September 15, 2016

TIFF16: Korean Noir Is Like Regular Noir, But Dark

Festival survival tip: somewhere in the middle, find a day to sleep in. Hence my mere three movie day on the second Thursday of the Toronto International Film Festival.

Asura: The City of Madness (South Korea, Sung-soo Kim, 4) Crooked cop gets squeezed between the maniacal mayor he serves and the ruthless special prosecutor intent on bringing him down.
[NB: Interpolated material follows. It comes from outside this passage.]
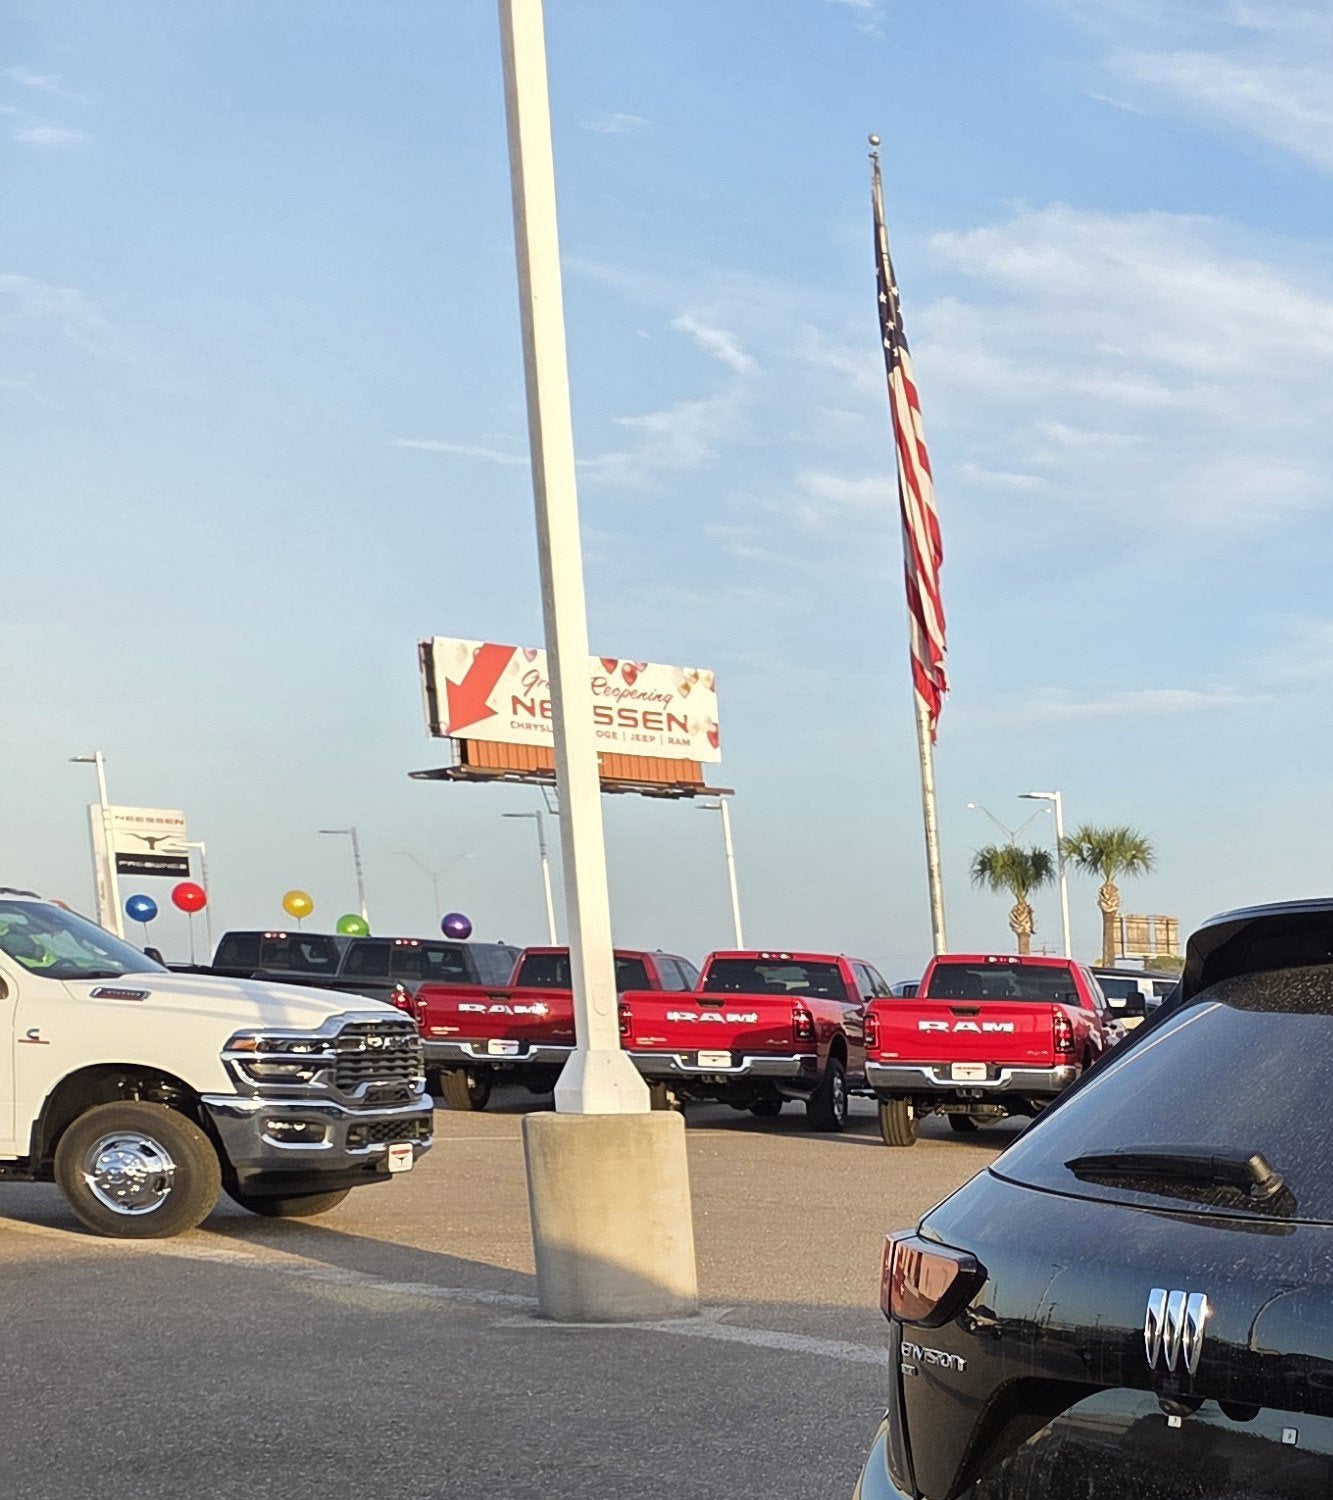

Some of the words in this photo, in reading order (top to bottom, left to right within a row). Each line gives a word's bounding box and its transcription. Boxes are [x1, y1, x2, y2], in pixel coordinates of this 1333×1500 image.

With its elaborate plotting, universal corruption, darker-than-noir worldview, and brutal violence, this is what James Ellroy would write if he suddenly turned Korean.

Actors were in attendance and as always it is delightful to bask in the excitement as members of the local Korean community react to the close proximity of their giant movie stars.

Never Ever (France, Benoit Jacquot, 4) After the film director husband she has only briefly known commits suicide, a performance artist holes up in their home and begins to take on his mannerisms. Quietly absorbing chamber piece about the way grieving is like living with a ghost. Based on Don Delillo’s The Body Artist.

The director and leading lady/screenwriter introduced the screening. The film rolled, revealing the first shot: a director and his leading lady introducing a screening.

Harmonium (Japan, Koji Fukada, 4) Man harboring a shameful secret invites an old friend (Tadanobu Asano) to live and work with him, without telling his wife that the man just got out of prison. Told in a low-key style that unsettlingly belies the extremity of its melodramatic subject matter.


Capsule review boilerplate: Ratings are out of 5. I’ll be collecting these reviews in order of preference in a master post the Monday after the fest. Films shown on the festival circuit will appear in theaters, disc and/or streaming over the next year plus. If you’ve heard of a film showing at TIFF, I’m probably waiting to see it during its upcoming conventional release, instead favoring choices that don’t have distribution and might not reappear.